Our project aims to give a software solution to the problem of accidental neoplasm findings in CT scans – especially emergency medicine. Using said software, CT scan slices would be autonomously processed and analysed to screen the data and mark the slices with suspicious abnormalities. Those slices would then be reviewed by a radiologist, who would give the final verdict on the possible malignancy of the abnormality.
In practice, a successful, large scale screening method could significantly increase the cancer survival rate as its prognosis is greatly dependent on the stage said cancer is in at the time of the diagnosis.
This project was done at the JunctionX Budapest 48-hour hackathon and is our approach to the challenge given by Varian, which can be found here.
In the given challenge we are focusing solely on brain cancer CT scans, but similar technology could be applied to any CT/MRI scan.
A raw, unlabeled, dataset of CT and MR DICOM images for 30 patients was provided. After examining the challenge, we decided for two different approaches to the problem:
- Deep Learning Approach
- Brain Symmetry Approach
For supervised learning, labelled data is a requirement. Since the provided data wasn't labelled, we came up with a method to properly label it. For each series of scans, there is a file that indicates and contours the tumor(s) on each abnormal slice. We, therefore, decided to use that information to label each of the slices as either containing tumor or not containing tumor, depending on the tumor's presence.

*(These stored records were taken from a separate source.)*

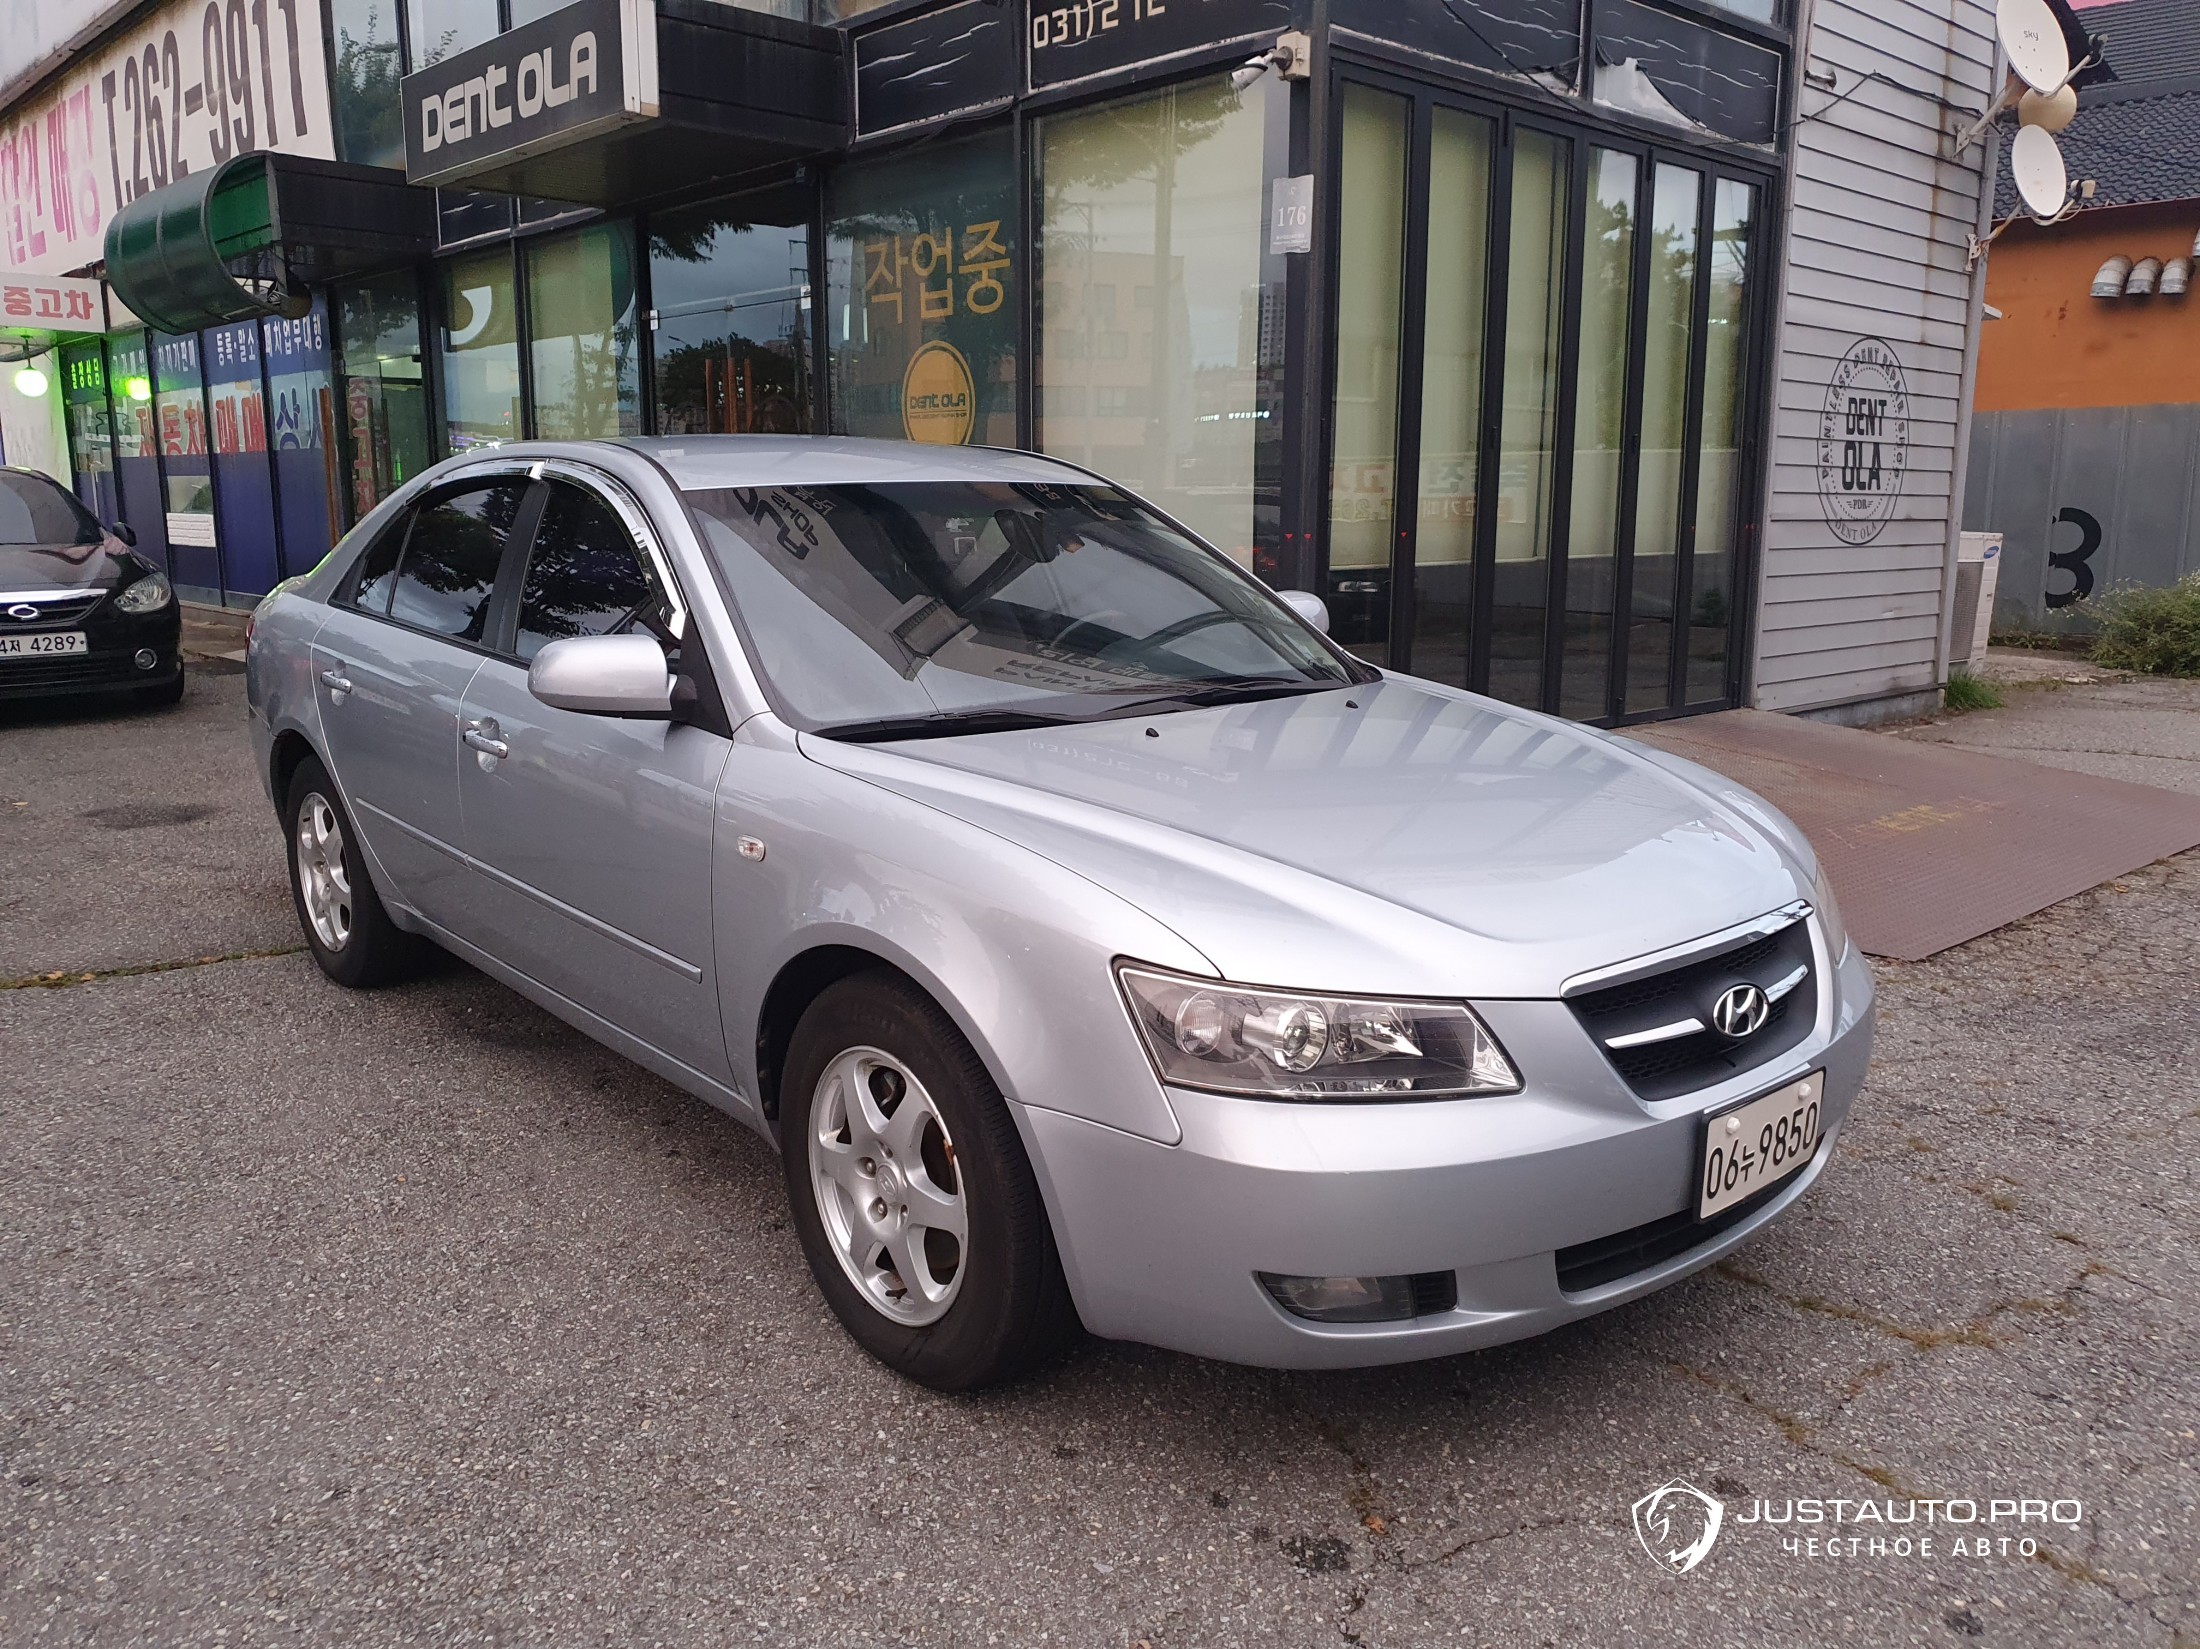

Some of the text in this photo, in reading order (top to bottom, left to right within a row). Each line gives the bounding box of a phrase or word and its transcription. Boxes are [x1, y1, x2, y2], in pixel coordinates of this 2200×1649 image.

[517, 31, 597, 118] OLA
[47, 84, 101, 243] 매장
[1277, 205, 1307, 227] 176
[865, 220, 1011, 324] 작업중
[3, 285, 94, 321] 중고차
[941, 393, 966, 408] OLA
[1846, 396, 1887, 435] DENT
[1841, 440, 1881, 491] OLA
[1835, 519, 1877, 541] DENT OLA
[30, 636, 76, 652] 4289
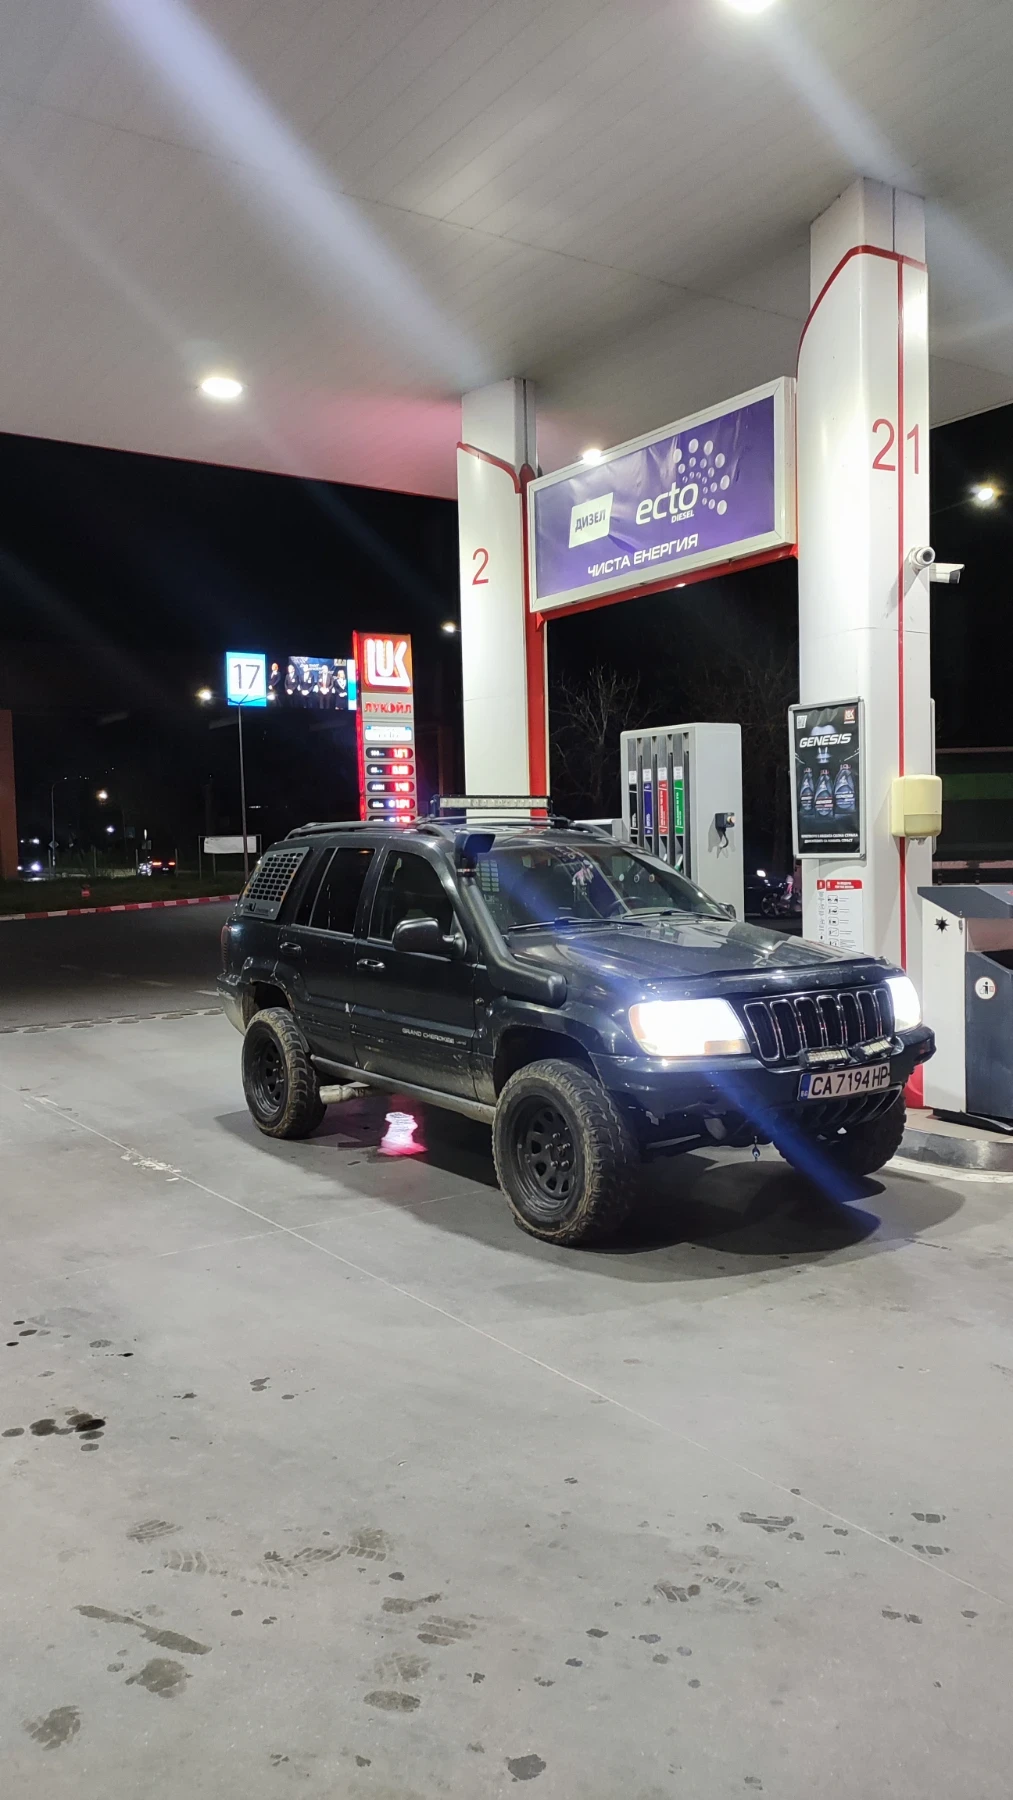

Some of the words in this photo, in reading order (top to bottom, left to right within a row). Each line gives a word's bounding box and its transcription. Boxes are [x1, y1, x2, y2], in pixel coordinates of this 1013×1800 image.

[872, 418, 896, 472] 2
[906, 423, 919, 475] 1
[635, 481, 699, 525] ecto
[671, 510, 695, 524] DIESEL
[575, 509, 606, 532] ДИЗЕЛ
[472, 547, 489, 585] 2
[587, 555, 631, 577] ЧИСТА
[633, 533, 699, 565] ЕНЕРГИЯ
[233, 663, 261, 690] 17
[799, 733, 852, 748] GENESIS
[401, 1027, 422, 1037] GRAND
[422, 1032, 455, 1044] CHEROKEE
[811, 1076, 832, 1096] CA
[836, 1070, 870, 1094] 7194
[872, 1066, 888, 1087] HP
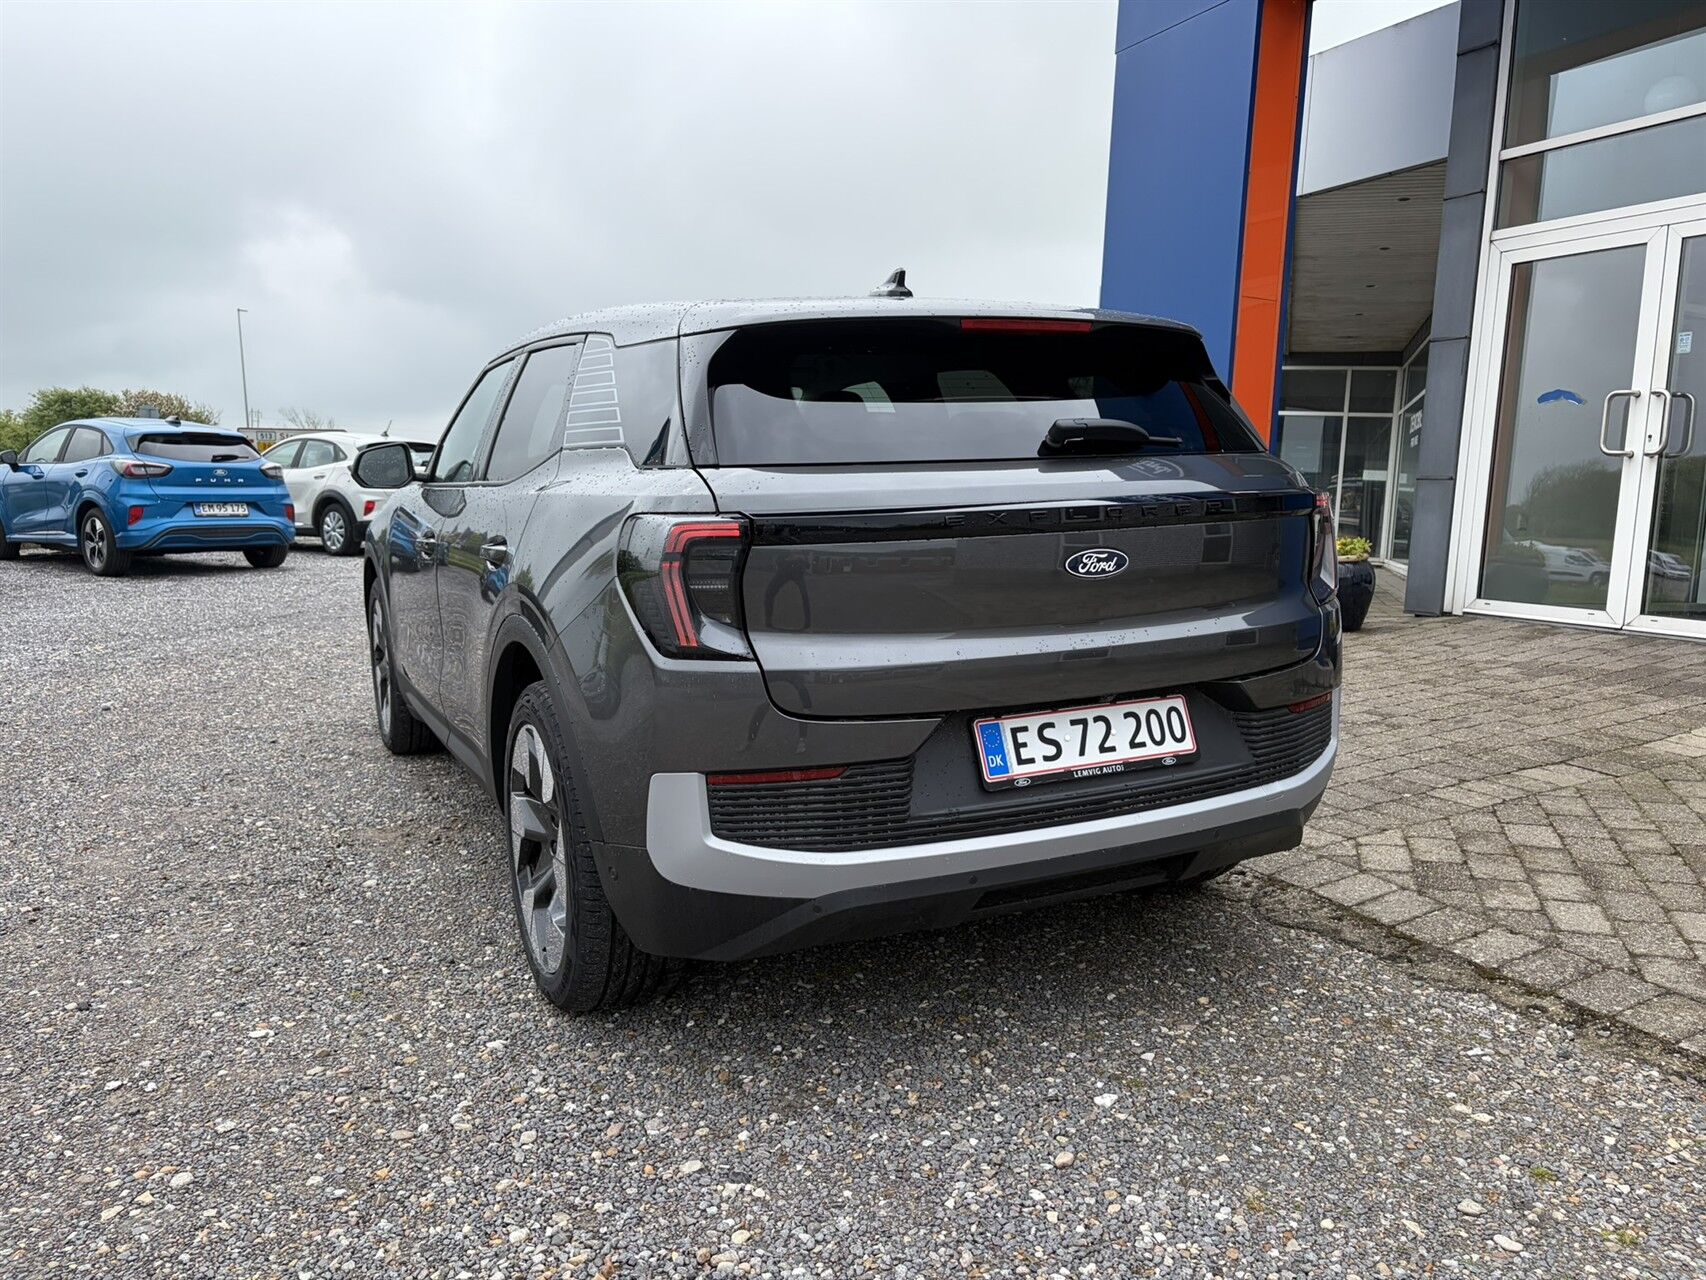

The next step was to decide which model architecture we should use. Due to strict time limitation, we couldn't dive too deep into the problem and decided to go with pretrained VGG16 on Imagenet. Unfortunately, as expected, the model overfits on our dataset due to its small quantity and uneven distribution (there being more slices not containing any tumors than those that do). The second issue can be easily eliminated by solving the first one (using a larger dataset), which is something we are looking to deal with in the near future.
Given very limited amount of data we decided to take advantage of the natural symmetry of the right and left brain hemisphere. Healthy brains exhibit high correlation between hemispheres (over 0.9, see the figure below), whereas a potential brain tumor breaks this symmetry. This approach requires perfect orientation of the brain, meaning no rotation in either of the axis and the middle line cuts the brain to two hemispheres. We search this orientation with a random walk over different orientations and middle lines to maximise the slice symmetry.
Slices around the middle (of the vertical axis) with correlations 0.8 to 0.9 are more likely to contain tumor. Slices around the edges (the top of the brain, and the bottom) contains very little part of brain or bones which yields very low and unpredictable correlations and thus the tumor cannot be detected in this regions with the symmetry technique.